El trabajo clínico con mujeres que han sobrevivido al incesto nos posiciona como terapeutas en la senda de la reescritura como modo de elaboración de una narrativa profundamente traumática. Estas experiencias traumáticas, a mi entender, han desencadenado catástrofes psíquicas con características diferenciales comparadas con cualquier otro suceso traumático vivido. En este sentido, un primer paso es poder trabajar con el proceso de la memoria: el rescate de lo que quedó fuera del relato, por escisión o por desmentida.
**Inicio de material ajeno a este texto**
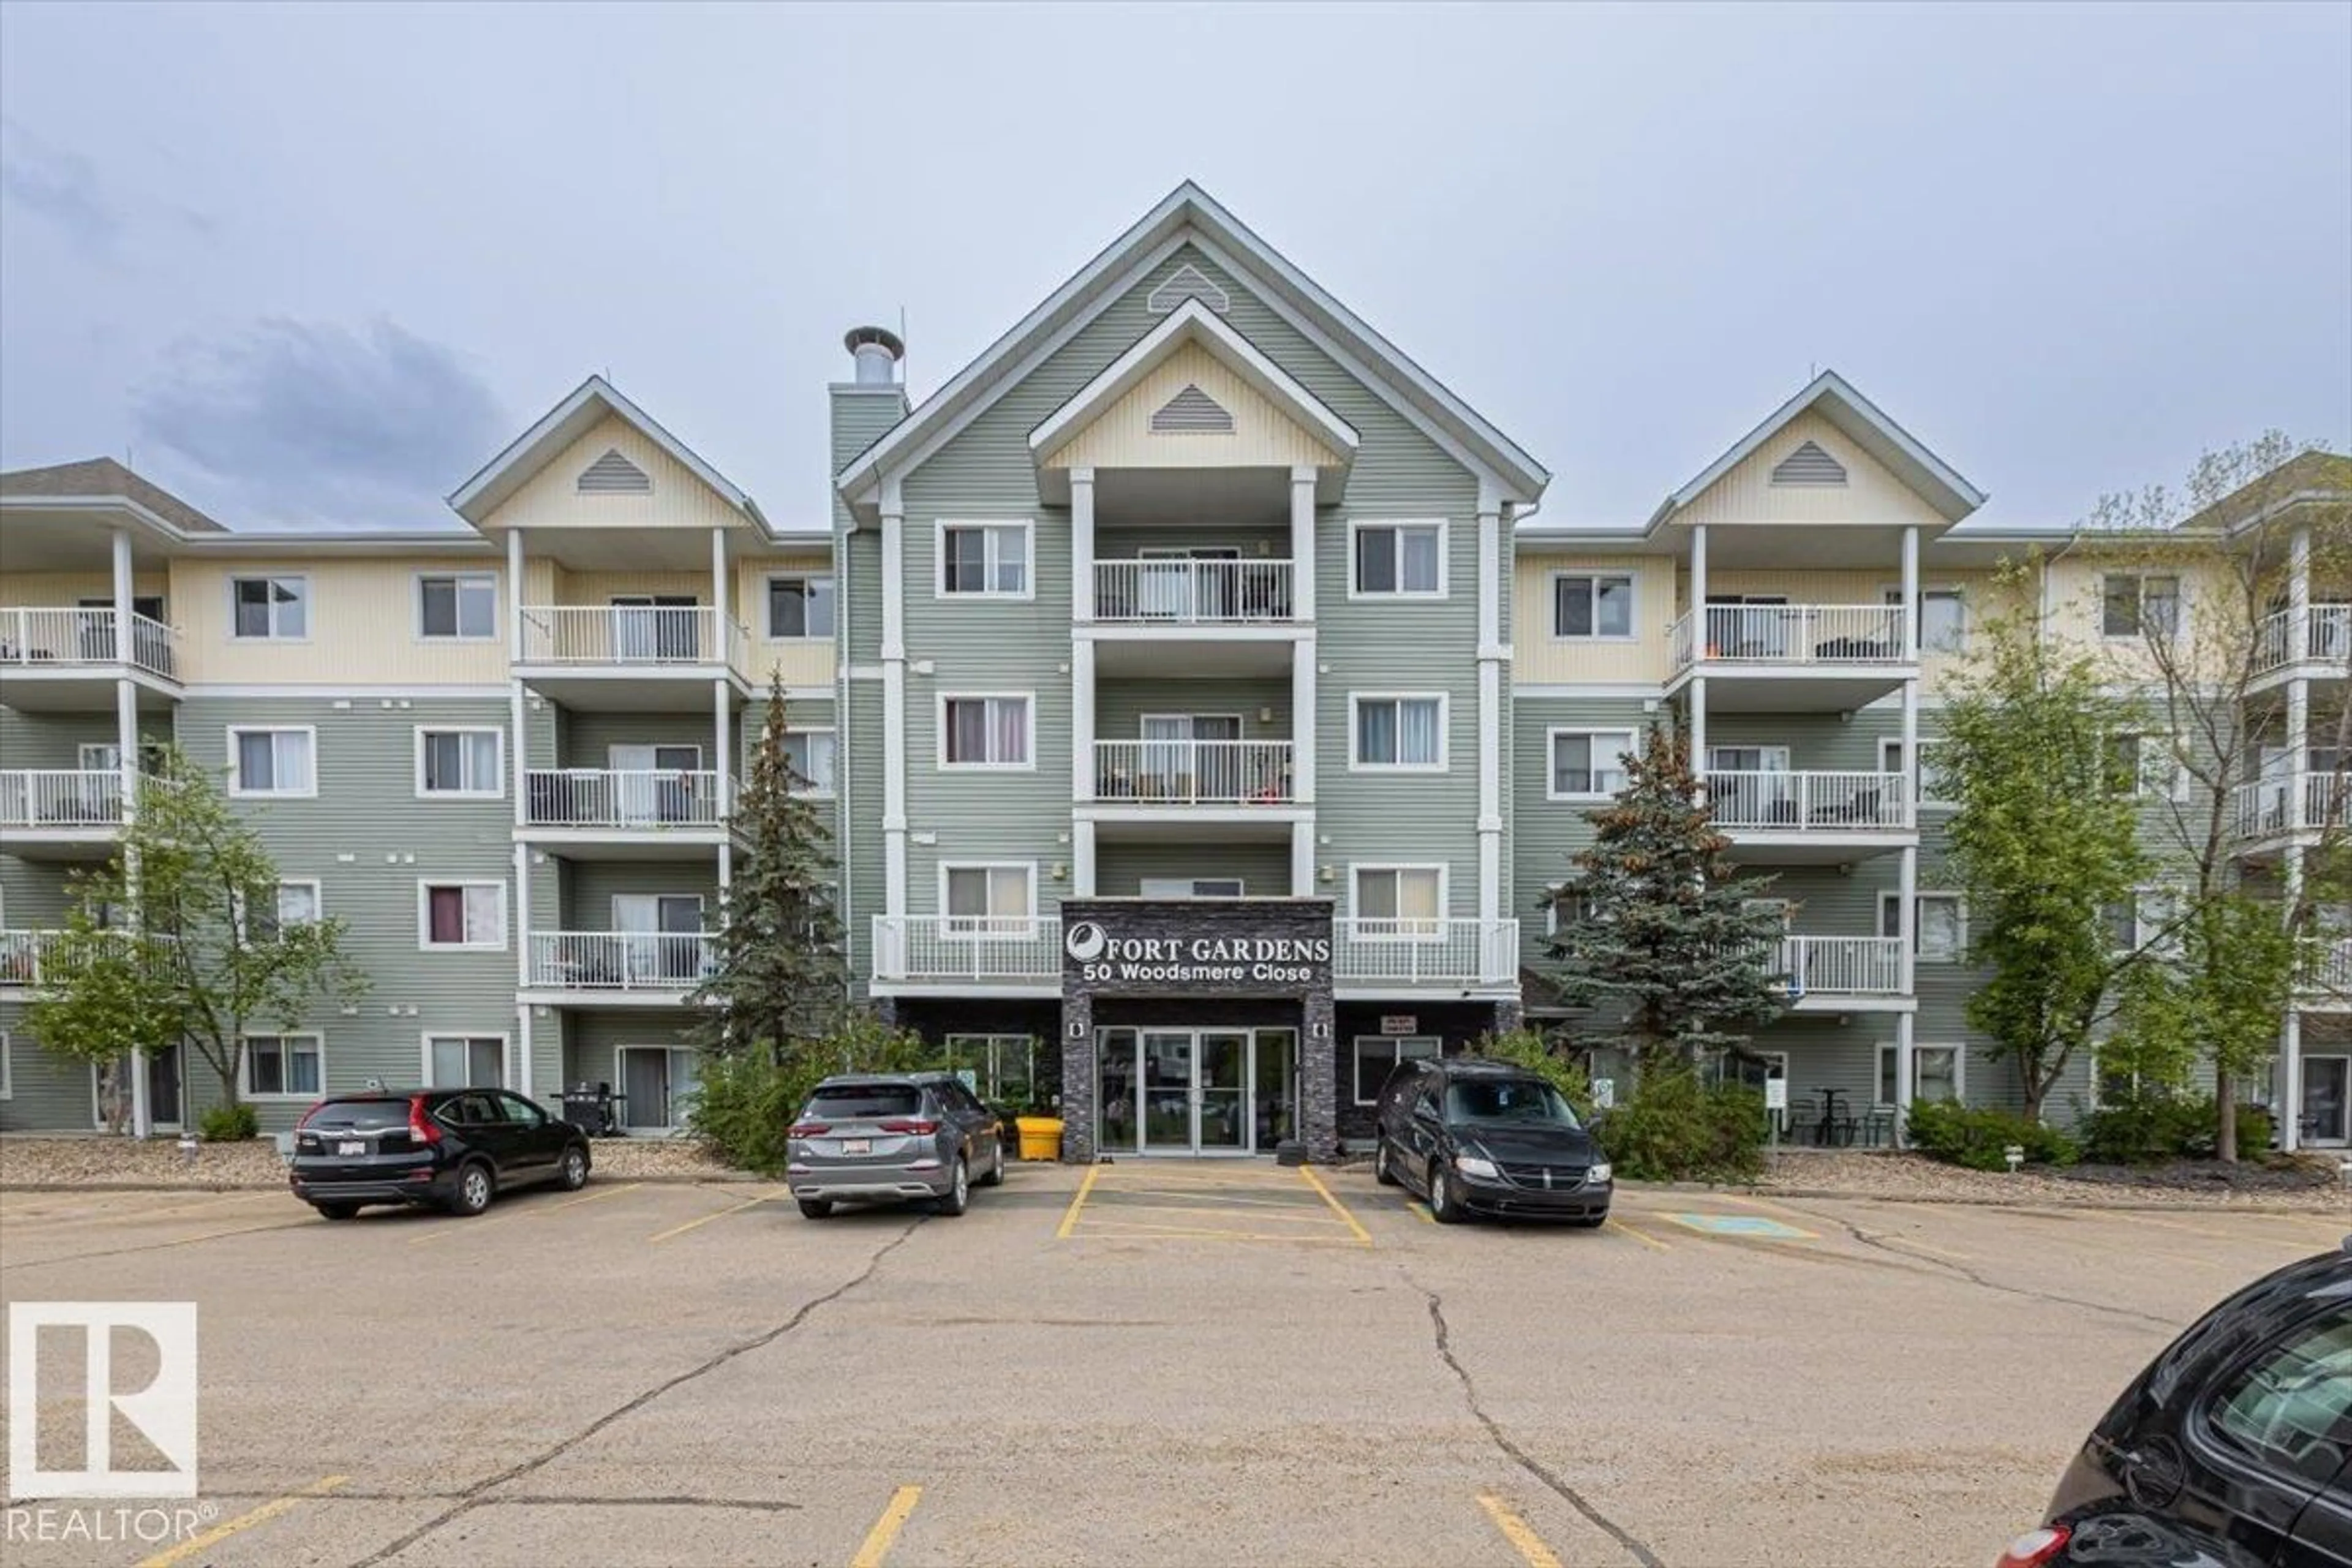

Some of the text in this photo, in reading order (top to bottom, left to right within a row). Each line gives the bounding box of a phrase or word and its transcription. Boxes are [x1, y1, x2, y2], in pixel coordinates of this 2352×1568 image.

Uno de los primeros interrogantes que aparecen en este tipo de abordaje tiene que ver con la dificultad de testimoniar, de dar cuenta de lo vivido, de entender los efectos que estos sucesos catastróficos tuvieron en el psiquismo de estas mujeres y los efectos que ese testimonio tiene sobre quienes lo escuchan.
¿Por qué la palabra “testimoniar”? A partir de los relatos de los sobrevivientes de campos de concentración nazi, y del magistral testimonio de Primo Levi en sus libros Si esto es un hombre y Los hundidos y los salvados, la acepción de testimonio ha cobrado mucho interés en la línea de análisis acerca de la veracidad de estos relatos, de la posibilidad de escuchar el horror, de los efectos que los testimonios a su vez han tenido. Los análisis en función de lo que se denomina “después de Auschwitz” me han permitido pensar acerca de otros testimonios, que históricamente han sido desmentidos, cuestionados o desvirtuados, en virtud de operaciones más políticas que analíticas. Muchas descripciones de sobrevivientes de los campos de concentración se asimilaban a lo que ocurre con las víctimas de violencia sexual; considero que en todo relato de personas sometidas a violencia social aparece este tipo de descripciones.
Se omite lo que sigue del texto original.